Valuation multiples are remarkably consistent: BizBuySell's five-year average shows 3.31x SDE for closed transactions, with a median of 3.14x. Revenue multiples average 0.95x. Businesses sell for approximately 91% of their asking price and sit on market for a median of 207 days. The median revenue of sold businesses is $710,000 with median owner earnings of $176,635.
SBA 7(a) loans are the primary financing vehicle, covering 70–80% of the purchase price with the SBA guaranteeing up to 90% of the loan. Seller financing (10–20% of deal value) is common and often required by SBA lenders. The buyer typically contributes a minimum 10% cash injection. This structure makes acquisitions accessible to qualified buyers with $50,000–$200,000 in liquid capital.

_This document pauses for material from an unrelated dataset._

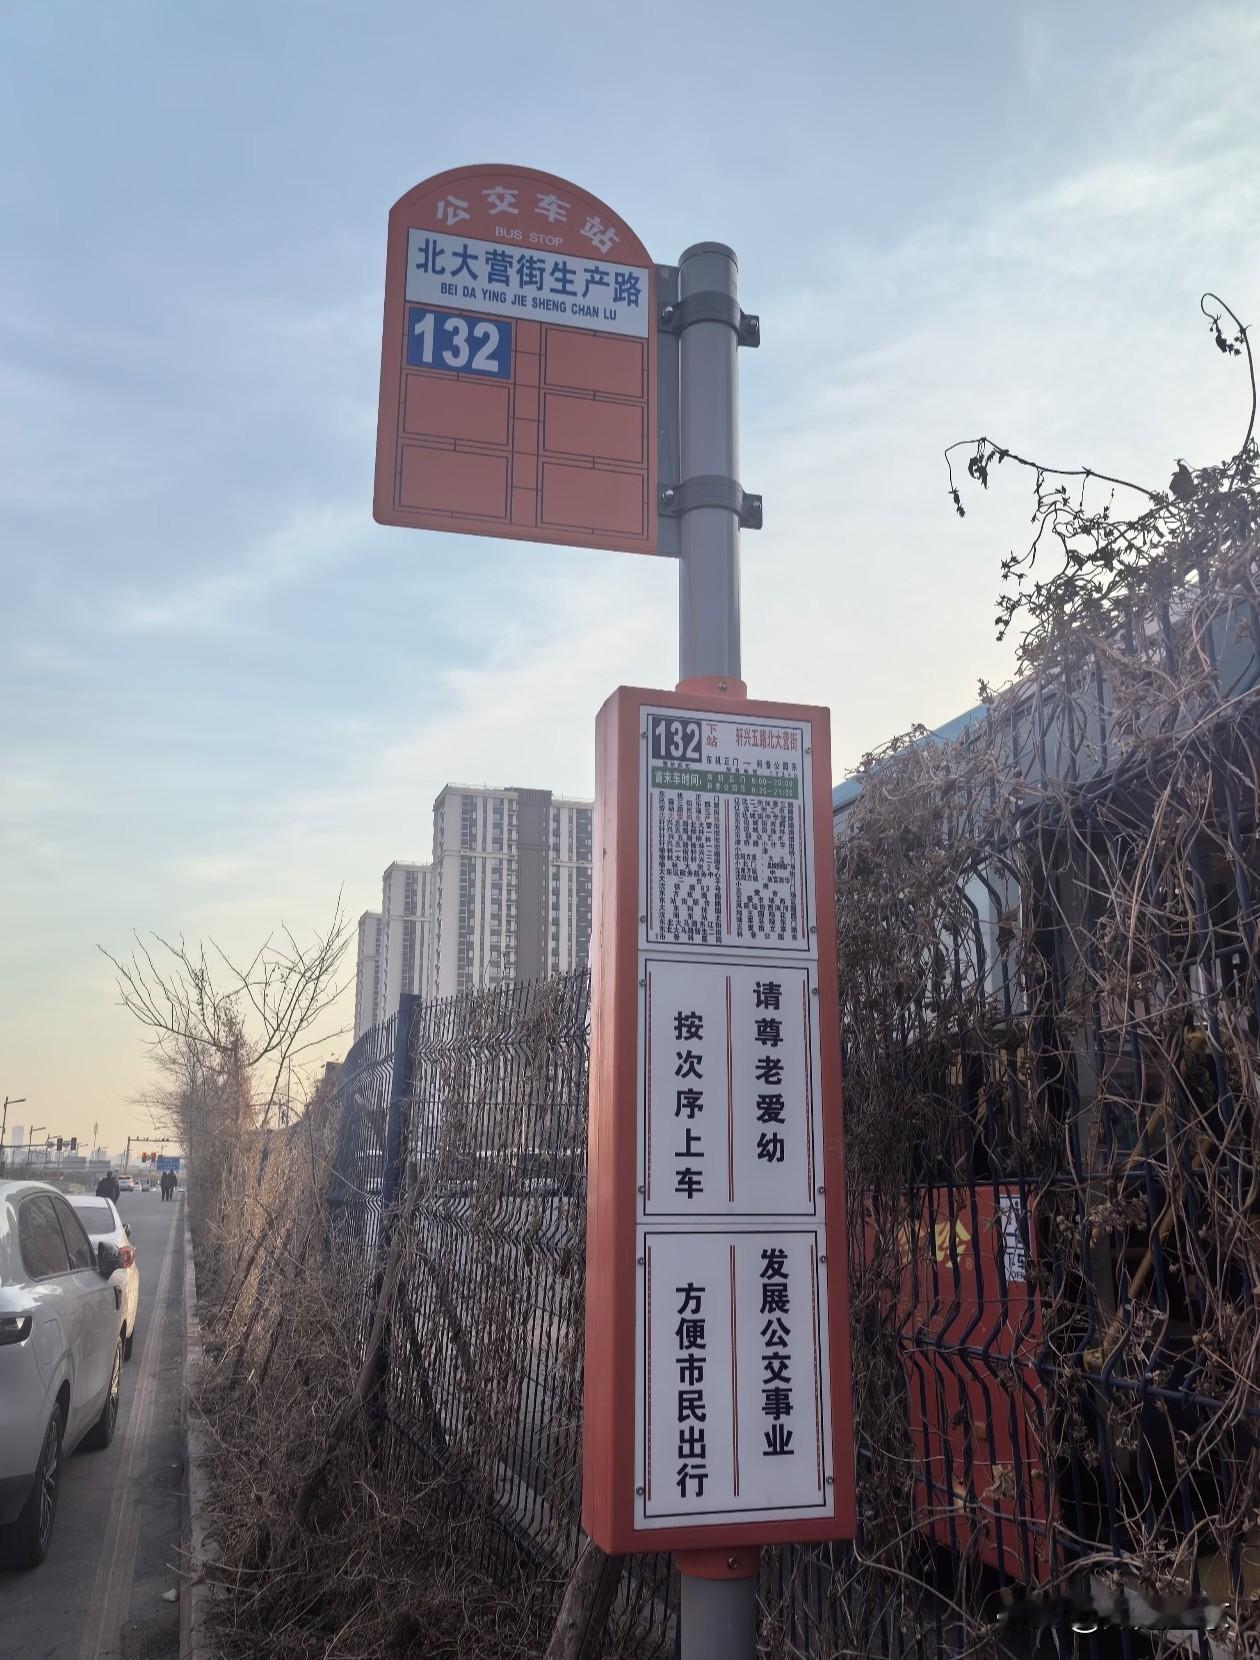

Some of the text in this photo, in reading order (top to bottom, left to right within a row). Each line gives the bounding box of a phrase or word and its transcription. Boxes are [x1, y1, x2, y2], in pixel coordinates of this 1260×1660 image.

The 'Silver Tsunami' creates opportunity: Baby Boomers own approximately 2.34 million small businesses approaching retirement age, and 70% of listed businesses don't find a buyer. Proactive acquirers who approach retiring operators before they list can negotiate favorable terms and avoid competitive bidding.
Well-managed junk removal businesses earn 40–60% gross margins and 15–25% net margins, with top performers reaching 25–35%. The typical cost structure: fuel at 5–7% of revenue, labor at approximately 35%, dump fees at 8–11%, and truck maintenance at approximately 3%. Any business deviating significantly from these benchmarks warrants deeper investigation.
The Strategy
Approach acquisitions like a financial investor, not an emotional buyer. The business is worth its SDE times the appropriate multiple — nothing more. Every claim the seller makes must be verified against tax returns, bank statements, and physical inspection. The best deals are found off-market through industry relationships, and the best financing uses SBA loans supplemented by seller notes.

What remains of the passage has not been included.